What you return must match the records below character for character, except that no picture appears.
=== Begin Enclosure ===
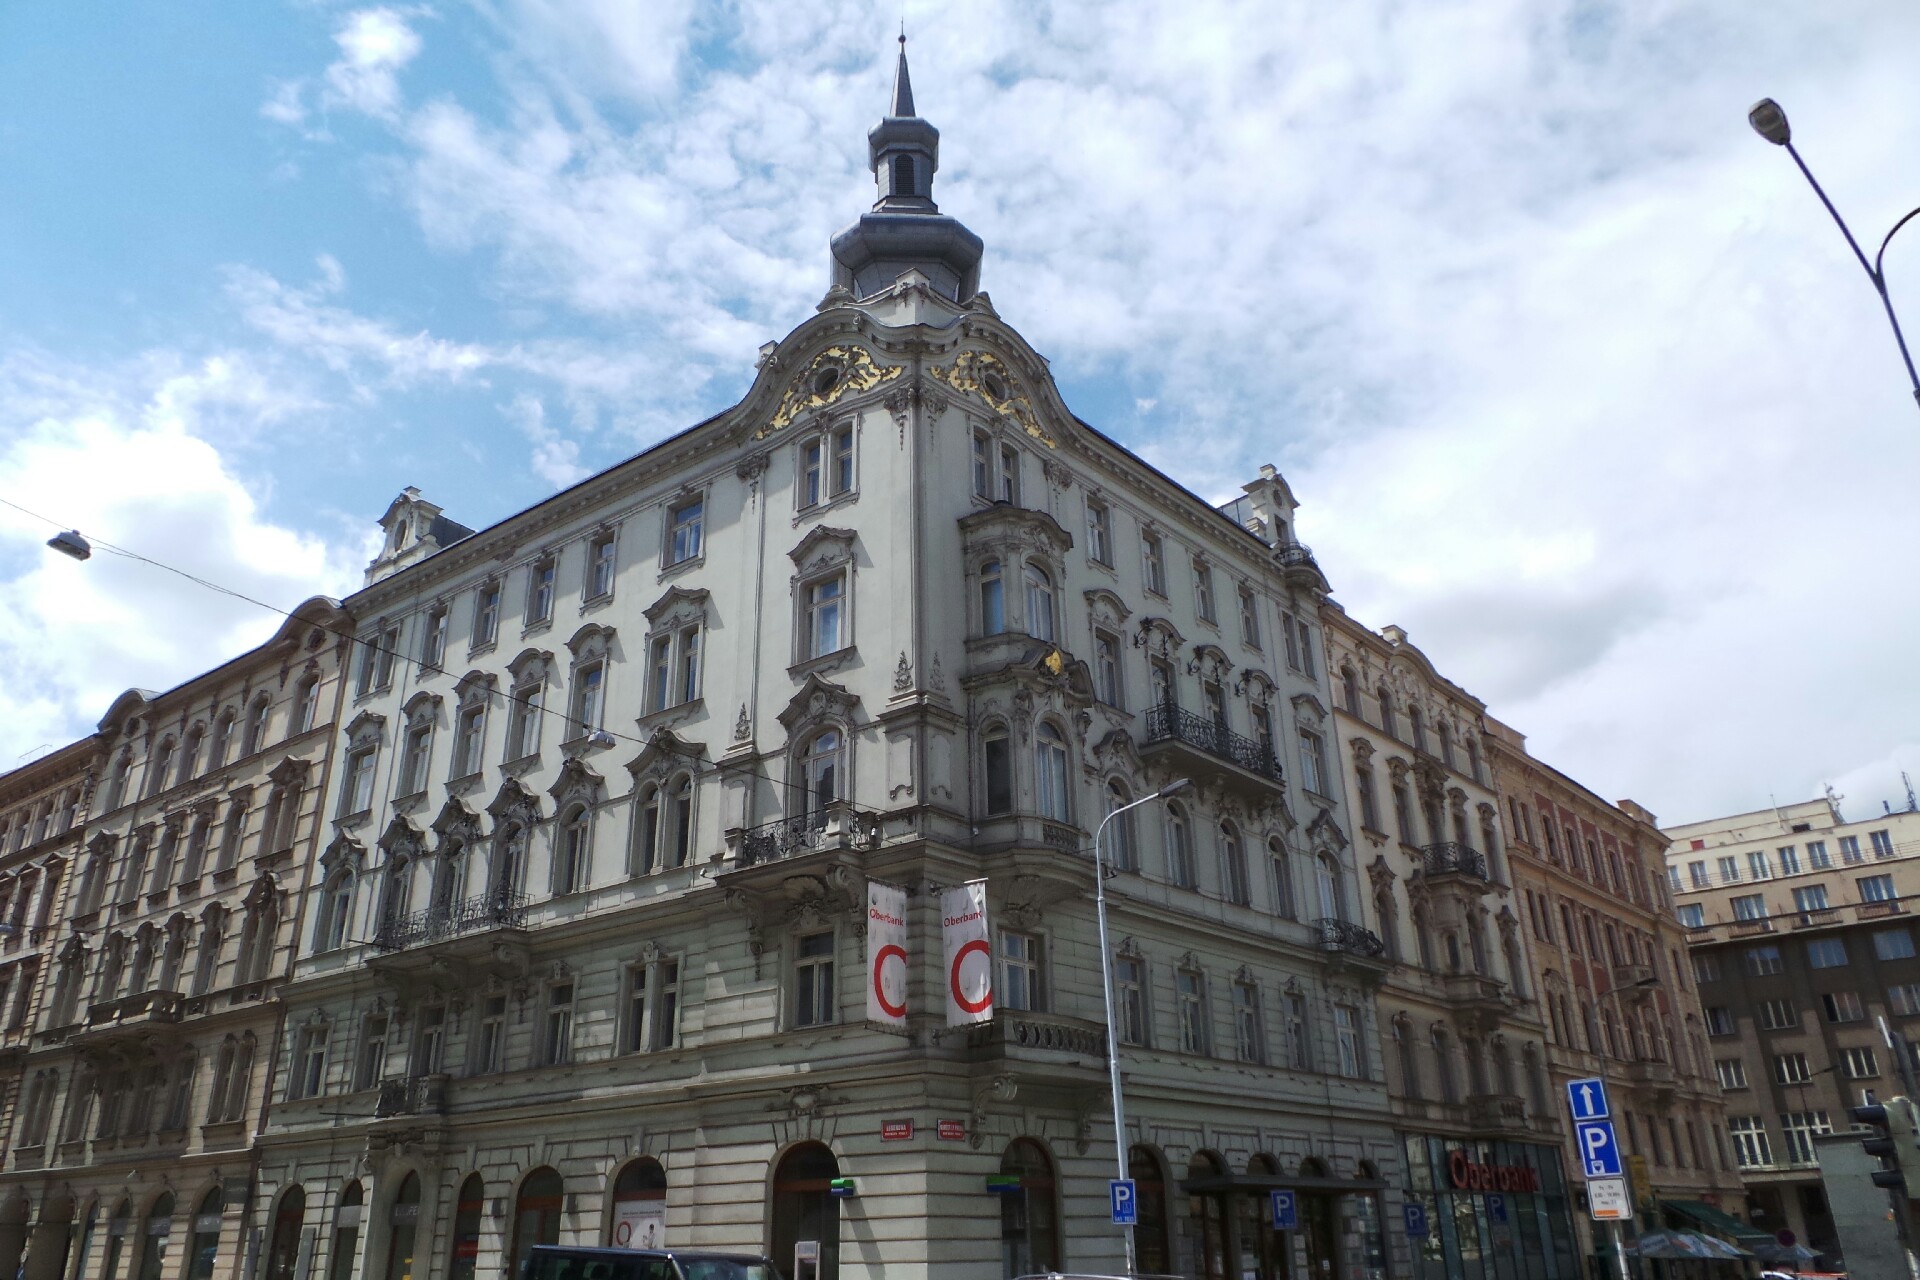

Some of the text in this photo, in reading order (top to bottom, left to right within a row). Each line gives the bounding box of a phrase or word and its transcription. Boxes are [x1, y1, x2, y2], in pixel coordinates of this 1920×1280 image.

[869, 908, 904, 927] Oberbank
[944, 910, 983, 928] Oberbank
[1585, 1128, 1607, 1160] P
[1115, 1186, 1130, 1211] P
[1276, 1195, 1290, 1217] P
[1407, 1208, 1420, 1228] P
=== End Enclosure ===
Exercise answer:
Some of the text in this photo, in reading order (top to bottom, left to right within a row). Each line gives the bounding box of a phrase or word and its transcription. Boxes are [x1, y1, x2, y2], in pixel coordinates of this 1920×1280 image.

[869, 908, 904, 927] Oberbank
[944, 910, 983, 928] Oberbank
[1585, 1128, 1607, 1160] P
[1115, 1186, 1130, 1211] P
[1276, 1195, 1290, 1217] P
[1407, 1208, 1420, 1228] P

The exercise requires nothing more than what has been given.